Saturday, I sat in front of my laptop thinking “okay self, we need something amazing to send to Christa for the Bible Study Blog post.” Nothing. I sat and stared at the screen for ever. Nothing. I made several attempts over a few days at a post and deleted them all. Today Christa sent me a sweet e-mail along the lines of “Hi friend….we gonna have a post this week?”
I am not entirely comfortable with this…but here goes...
This week’s lesson started off with a sucker punch.
“In order to be salt and Light, you have to cultivate your ‘secret’ life with God. Your secret prayers, your secret giving, your secret fasting…these are the things that that ONLY God sees and they are the things that allow you to be salt and light.”

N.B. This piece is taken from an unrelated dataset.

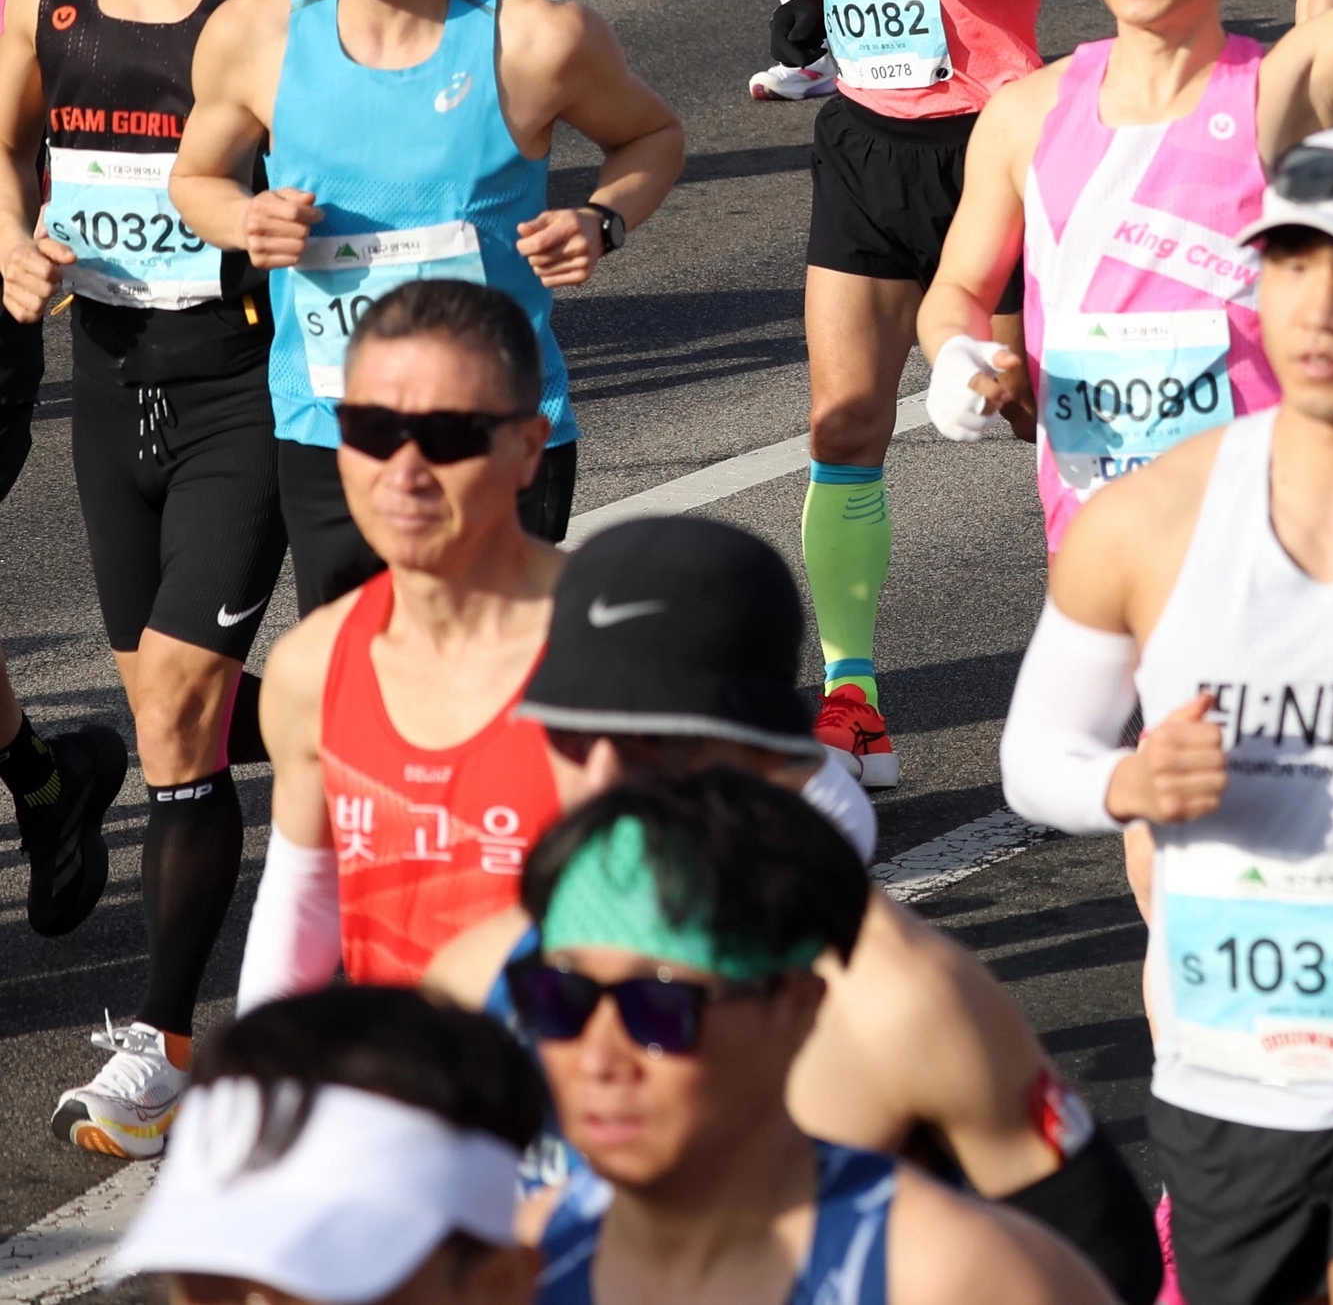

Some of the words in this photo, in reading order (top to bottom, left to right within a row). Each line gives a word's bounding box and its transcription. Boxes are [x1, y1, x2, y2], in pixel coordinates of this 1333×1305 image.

No GOING? No DOING? No TEACHING? No ENCOURAGING?......That’s not too exciting. See, Last time we met, we talked about being Salt and Light. Good stuff… “go and light your world”…”make a difference for the Kingdom”… “Tell people about Christ”. That sort of lesson is right up my alley. I love getting people excited about “Going” and “doing”. “Okay, girls! Let’s go shine like a City on a Hill!!!!!” So, I set the Bible study aside for a few days. I guess I thought that God would stop talking to me if I stopped studying.
I was mistaken. God did not stop talking. As a matter of fact, He has dealt with me constantly these past 2 weeks. I, in turn, have thrown a fit or two. I have argued with Him. I have been a whiney baby. It really has NOT been fun couple of weeks for me.
God has shown me where I need to grow. He has shown me where I am weak.
He told me that I have gotten everything all turned upside down. I put serving Him above Loving Him (I cannot believe I am actually putting this in print). I put Leading others to Him above my personal Spiritual Growth. My “Quiet Time” has been reduced to the time I spend studying to teach others. My prayer life has been reduced to emergency prayers for friends and family. My “spiritual life” has turned into something for others to see.
As I type, seeing this all in print makes it a bit clearer.
There is a burning passion in my very soul to share Christ with women. I cannot imagine how in the WORLD Satan could ever quench that desire. Instead of going after FLO (where I am well guarded), Satan slipped into my personal life unnoticed and, as a result, I gave up my secret life with God. Satan didn’t steal my peace, my joy, my mercy, my grace, my compassion…..I gave it up freely when I stopped spending time with Jesus for MYSELF. As we discussed earlier in the Bible Study…these things only come from Jesus.
God in His infinite love and mercy has drawn me to Himself, not because I am “FLO Ministry Coordinator”, “Sunday School Teacher”, “FLO Bible Study Leader”, or “the Pastor’s wife” --- but just because I am his daughter and he loves me….just plain old ordinary me.
I thought I wanted to do something with FLO in December. Some amazing mission project or fellowship event, but it feels really good to be back in HIS arms. I think I’ll just spend Christmas there.